During the summer of 1994 Christian groups from Sweden, including numerous members of the same Bible College and one of the country’s top evangelists descended on the larger cities on Estonia for what were to be memorable days and nights of Christian witness, conversions, baptisms and church planting. All too soon the outreach was over and they set sail for home, looking forward to being reunited with loved ones and opportunities to relate what God had done through their ministry. Many of them would not make it.

In the early morning of 28 September, news reports began to filter out, indicating that a ship had sunk in the Baltic Sea. It soon became clear that the doomed vessel was the giant 15,000-ton Estonia, the pride of the nation’s merchant fleet. The ship had foundered in bad weather and sunk, with hundreds of people trapped inside.

According to the Estonian Foreign Ministry, 1,049 people were on the ship when it capsized. Rescue services from nearby Finland did what they could, but the official toll eventually stood at 844 people. The real figure was much higher, as officials admitted many children were not registered as passengers.
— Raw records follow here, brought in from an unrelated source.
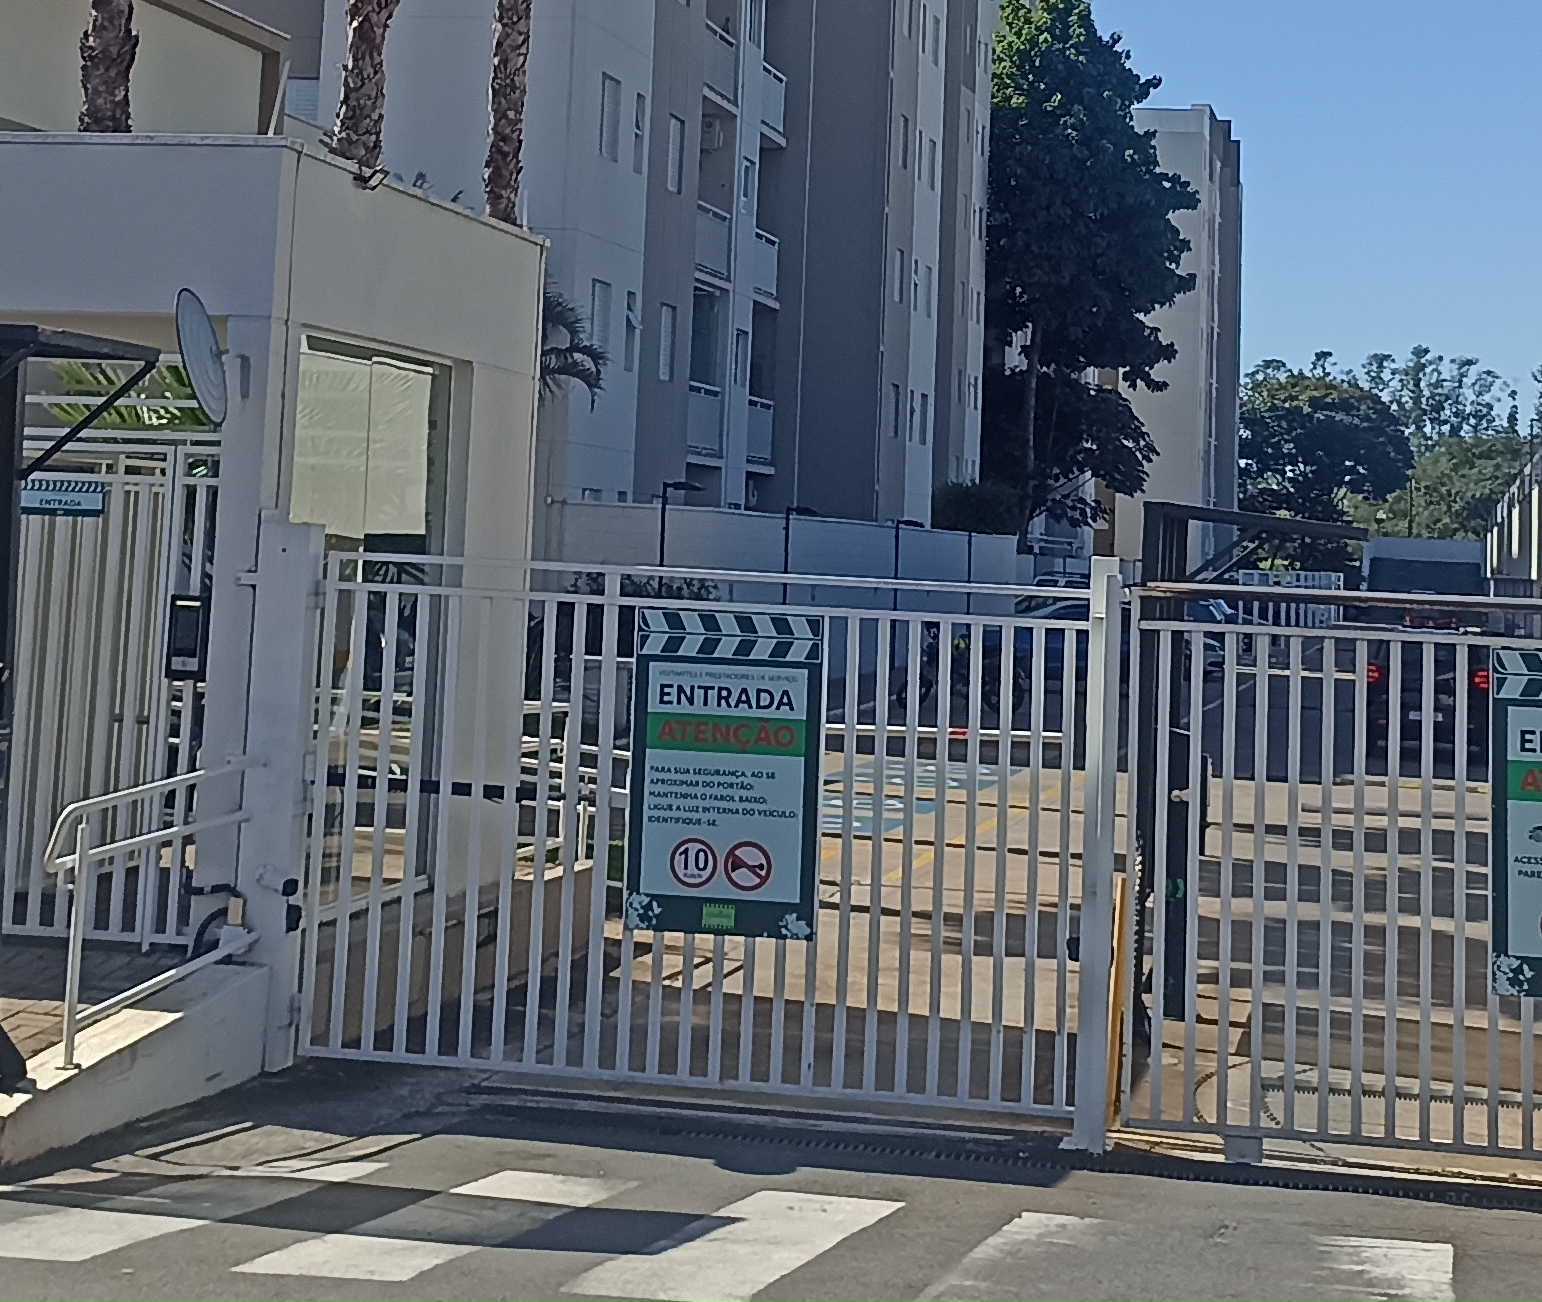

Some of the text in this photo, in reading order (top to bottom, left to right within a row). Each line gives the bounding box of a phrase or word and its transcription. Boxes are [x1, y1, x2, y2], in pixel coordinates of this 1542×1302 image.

[39, 498, 82, 506] ENTRADA
[659, 683, 795, 711] ENTRADA
[658, 718, 795, 752] ATENÇÃO
[649, 765, 672, 773] PARA
[674, 767, 690, 775] SUA
[751, 771, 763, 779] AO
[765, 771, 776, 780] SE
[650, 778, 699, 787] APROXIMAR
[702, 780, 715, 788] DO
[649, 791, 698, 800] MANTENHA
[709, 794, 736, 802] FAROL
[648, 803, 673, 811] LIGUE
[683, 805, 699, 813] LUZ
[702, 806, 739, 816] INTERNA
[742, 808, 755, 816] DO
[678, 846, 709, 872] 10
[1517, 869, 1542, 879] PARE
A hundred and forty people were saved from the frigid waters; many died because of exposure to the cold. Most passengers perished inside the darkened hull, as it was flooded with water. It took less than forty minutes for the vessel to go down. Most of the bodies were never recovered.

Enquiries revealed that enormous waves lashing the ship had torn off the 56-ton bow door. An inner door was also broken off and the open sea rushed across the decks. During the fifteen minutes it took for the Estonia to capsize there was chaos everywhere. Furniture became detached and crushed people. Lights were extinguished. Stairwells filled with water, blocking escape routes and drowning those below. Only a few passengers managed to escape before the ship submerged and sank. Life jackets were hard to find; lifeboats overturned. People froze to death in the bitterly cold water before rescuers could get to them. The nation was plunged into grieving.

Early one morning in the grounds of the Estonian Bible College in Suurupi I stood alone and in awe in front of the memorial to Swedish team members who had died on the Estonia. What a loss! How could God allow this to happen? Estonian Christians I met told me someone on the team had had a vision about impending disaster. Reading down the list of names, I thought of loved ones, work colleagues, church members, villages affected by the disaster. I thought about the impact the group had had in churches and tents around the tiny country in the days leading up to their departure. They were not martyrs in the classical sense, condemned because of their faith, but it was that faith that created the circumstances that led to their deaths. Each one had perished because he or she had chosen to be a witness, a martyrus for Jesus Christ, that the world might know He loved them. “For me to live is Christ; to die is gain” (Philippians 1:21). As I stood by the memorial a Christian couple came up beside me. “We are worried about your trip to Helsinki.” The event was fresh in their minds. “But we know God is in control”. At the end of the day, that counted more than any human consolation. “Precious in the sight of the Lord is the death of his saints” (Psalm 116:15). God knows our future; at the end of the day we can trust him with our lives.

Jesus told us to count the cost of following him (Matthew 16:24; Luke 14:27-33). “For whoever will save his life shall lose it; and whoever will lose his life for my sake shall find it” (Matthew 16:25). The challenge for the rest of us, as world Christians seeking to be relevant and make a difference in our day, is to count the cost before we brashly claim that we will follow Jesus anywhere, not to baulk at the price and stop there, but go forward in faith for His name.

Only the willingness of men and women more in love with Jesus Christ than their lives, and prepared to spare nothing they hold dear to declare His love in a world that is without eternal hope, will maintain the relevance of the Gospel in the face of hostility in the coming century.